Age, war, and economic stagnation take toll after quarter-century of rule.

Suo Takekuma - pool/Getty Images
President Vladimir Putin arrives for the Shanghai Cooperation Organization Summit on September 1, 2025 at Tianjin, China. Suo Takekuma - pool/Getty Images

‘When the tsar dies, we’ll dance again. 
The old man still clings to his throne, afraid to let go.’

The teenagers were not singing at a “No Kings” rally at St. Petersburg, Florida. They were busking in front of a subway station at St. Petersburg, Russia, the country’s second-largest city and the home town of Vladimir Putin.

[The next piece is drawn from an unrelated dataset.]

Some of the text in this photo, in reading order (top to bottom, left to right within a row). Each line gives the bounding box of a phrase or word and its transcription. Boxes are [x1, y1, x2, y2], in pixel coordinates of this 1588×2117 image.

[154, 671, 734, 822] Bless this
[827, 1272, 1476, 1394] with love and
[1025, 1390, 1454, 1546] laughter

Punishment for such blasphemy was immediate. Each band member won 12 days in jail for obstructing pedestrians. The leader, 18-year-old Diana Loginova, who performs under the name Naoko, faces additional charges of “discrediting” Russia’s military. 

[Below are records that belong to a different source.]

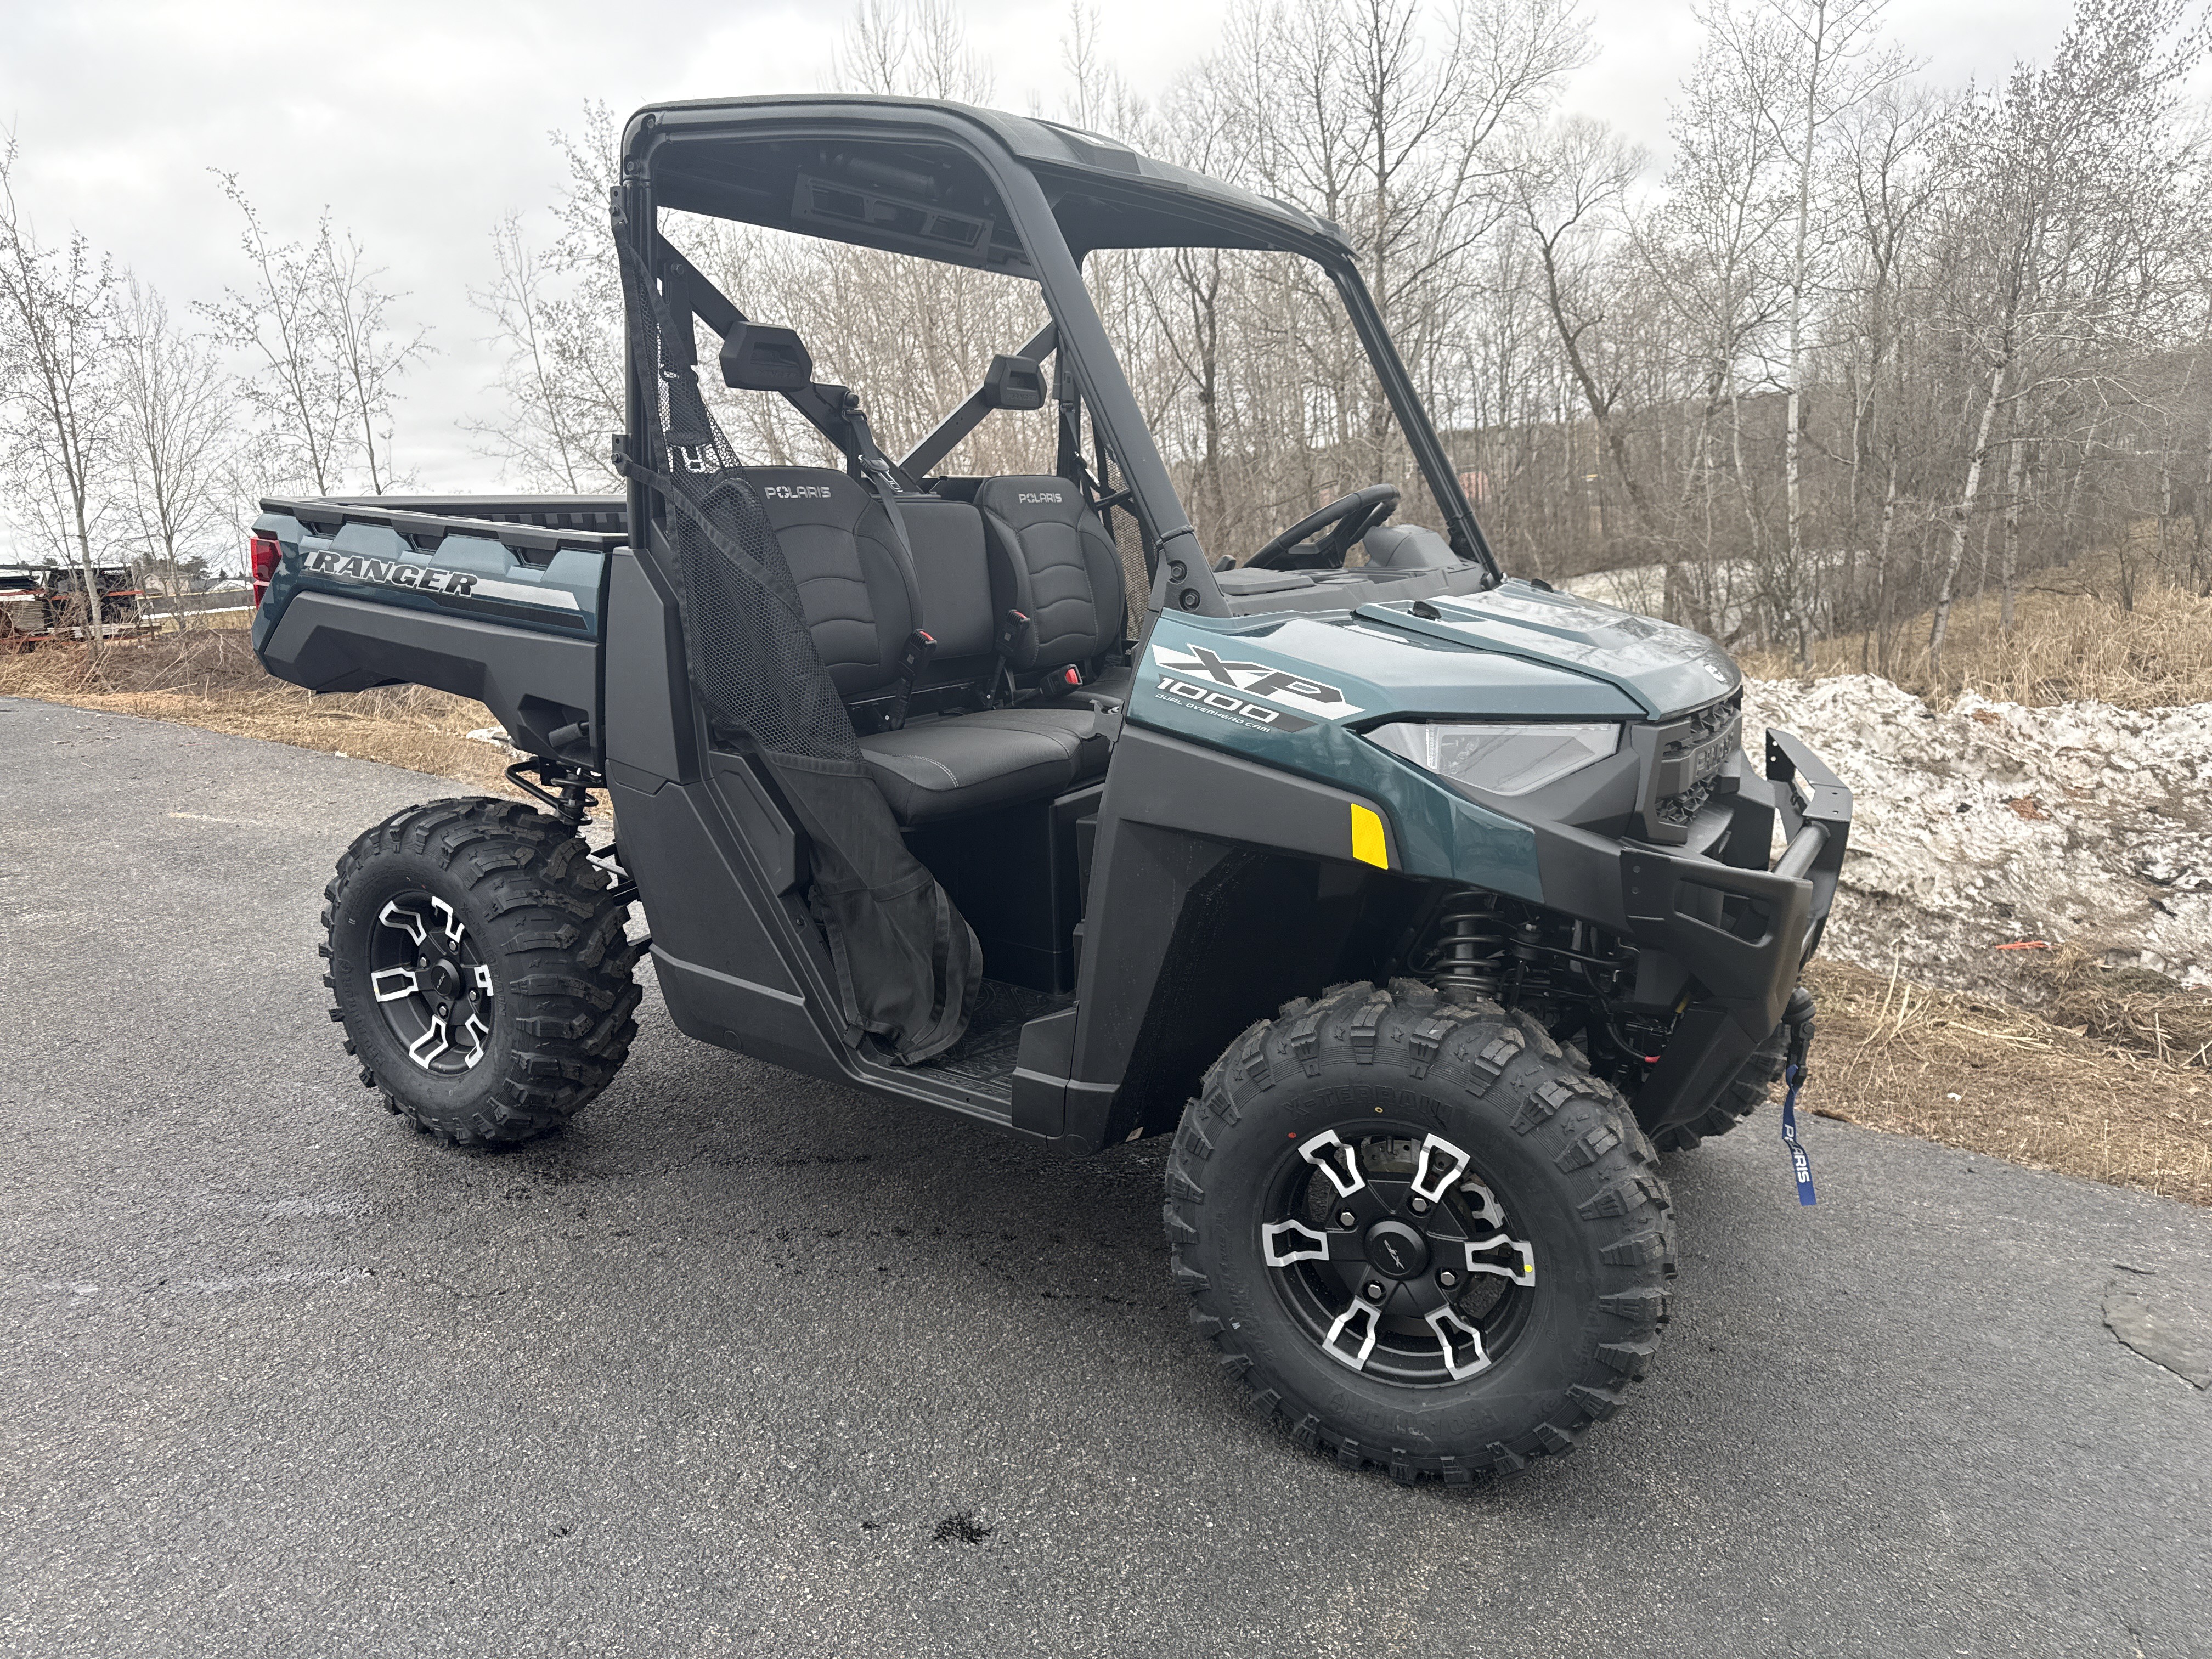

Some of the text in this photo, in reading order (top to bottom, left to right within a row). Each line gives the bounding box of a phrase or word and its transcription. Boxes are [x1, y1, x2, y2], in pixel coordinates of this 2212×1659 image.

[764, 486, 831, 499] POLARIS
[1019, 493, 1062, 504] POLARIS
[310, 550, 477, 597] RANGER
[1159, 644, 1344, 704] XP
[1155, 693, 1271, 733] DUAL OVERHEAD CAM
[1156, 677, 1279, 723] 1000
[1280, 1084, 1453, 1122] X-TERRAIN

By definition, a strong man does not tremble at the sight of teenage girls singing in the streets. Yet as President Trump increasingly realizes, Mr. Putin is not as strong as he looks. After a quarter century in power, his grip on that power shows cracks.

Starting with Stalin, all of Russia’s dictators exited the Kremlin between the ages of 70 and 80. On October 7, Mr. Putin turned 73. One week after his birthday, Russia’s Federal Security Service opened a criminal case against 22 of Russia’s most prominent exiles and accused them of plotting to violently seize power. Led by businessman Mikhail Khodorkovsky, the exiles were all members of Russia’s Anti-War Committee, a group that had recently won recognition as dialogue partner with the Parliamentary Assembly of the Council of Europe.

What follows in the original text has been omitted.